(Source data begins)

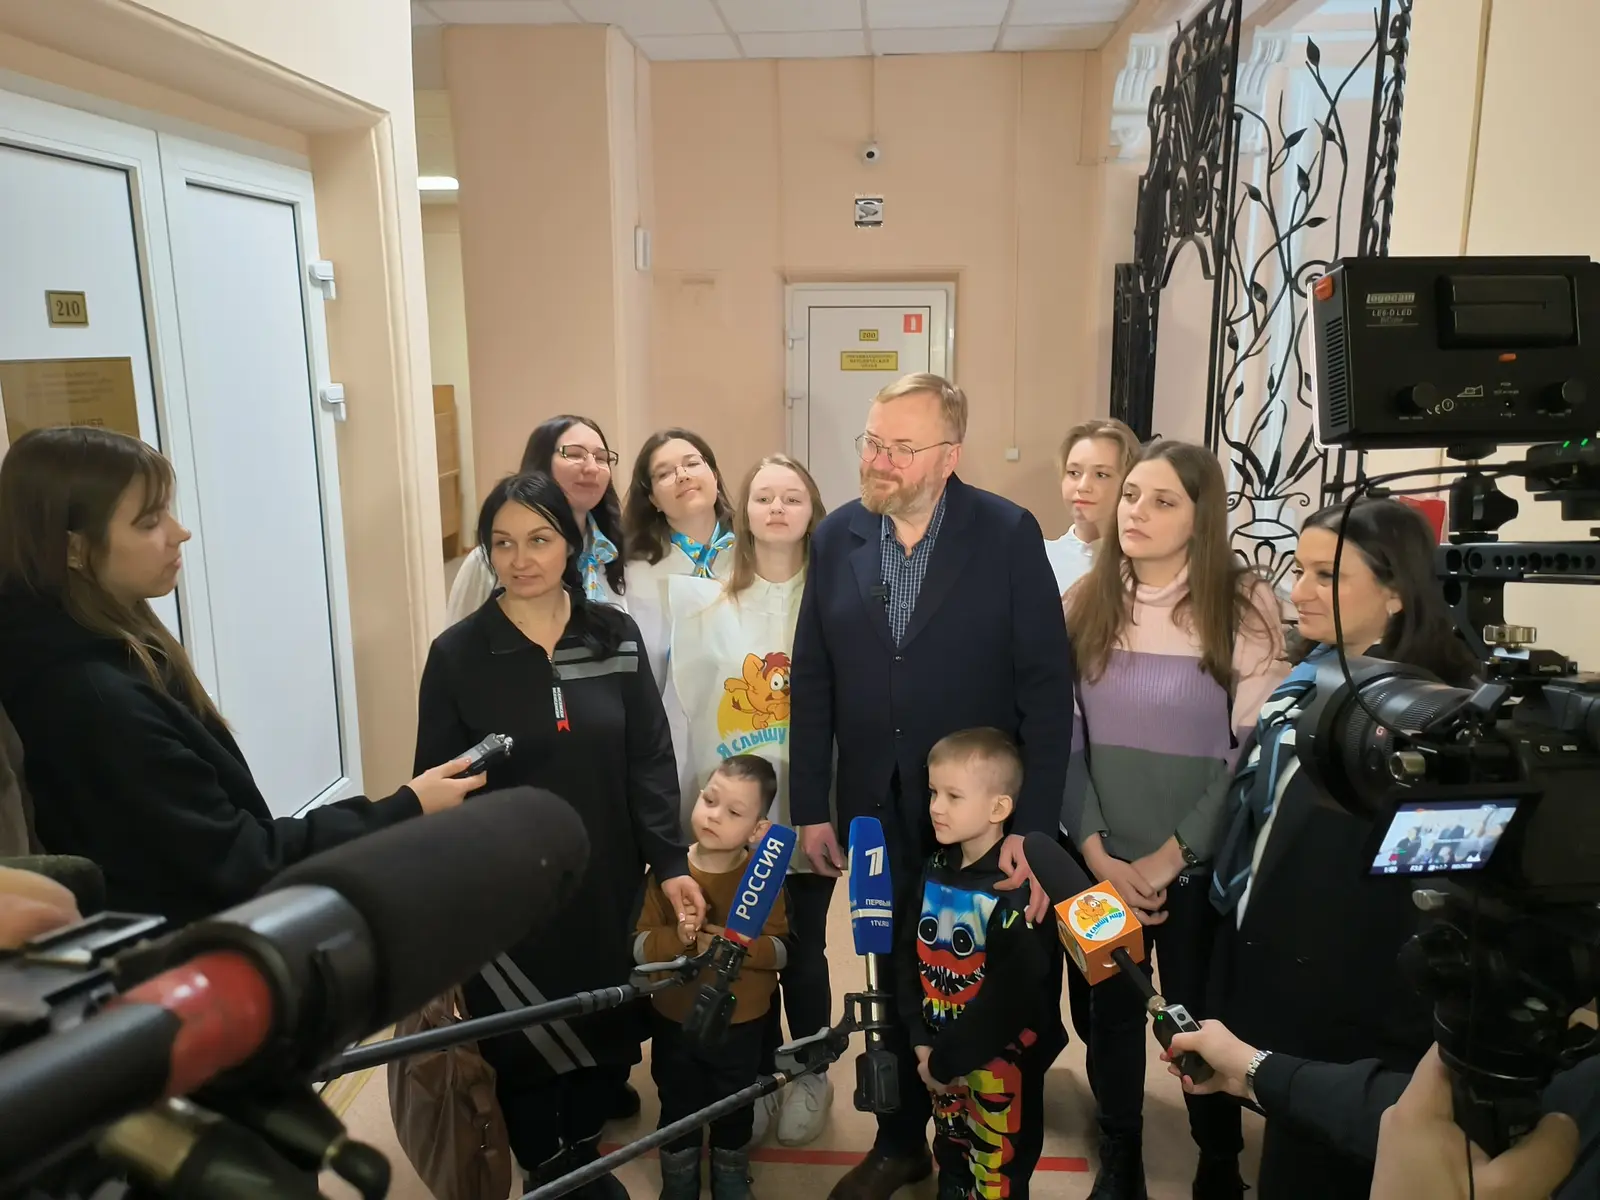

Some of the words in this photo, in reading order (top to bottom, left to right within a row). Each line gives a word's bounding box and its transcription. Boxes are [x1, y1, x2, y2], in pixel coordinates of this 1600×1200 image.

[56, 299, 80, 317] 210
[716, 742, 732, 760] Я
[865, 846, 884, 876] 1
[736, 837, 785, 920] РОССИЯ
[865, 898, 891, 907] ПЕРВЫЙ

(Source data ends)

__Problem to solve__
Could you copy every record above exactly, leaving out the pictures?

__Solution to the problem__
Some of the words in this photo, in reading order (top to bottom, left to right within a row). Each line gives a word's bounding box and its transcription. Boxes are [x1, y1, x2, y2], in pixel coordinates of this 1600×1200 image.

[56, 299, 80, 317] 210
[716, 742, 732, 760] Я
[865, 846, 884, 876] 1
[736, 837, 785, 920] РОССИЯ
[865, 898, 891, 907] ПЕРВЫЙ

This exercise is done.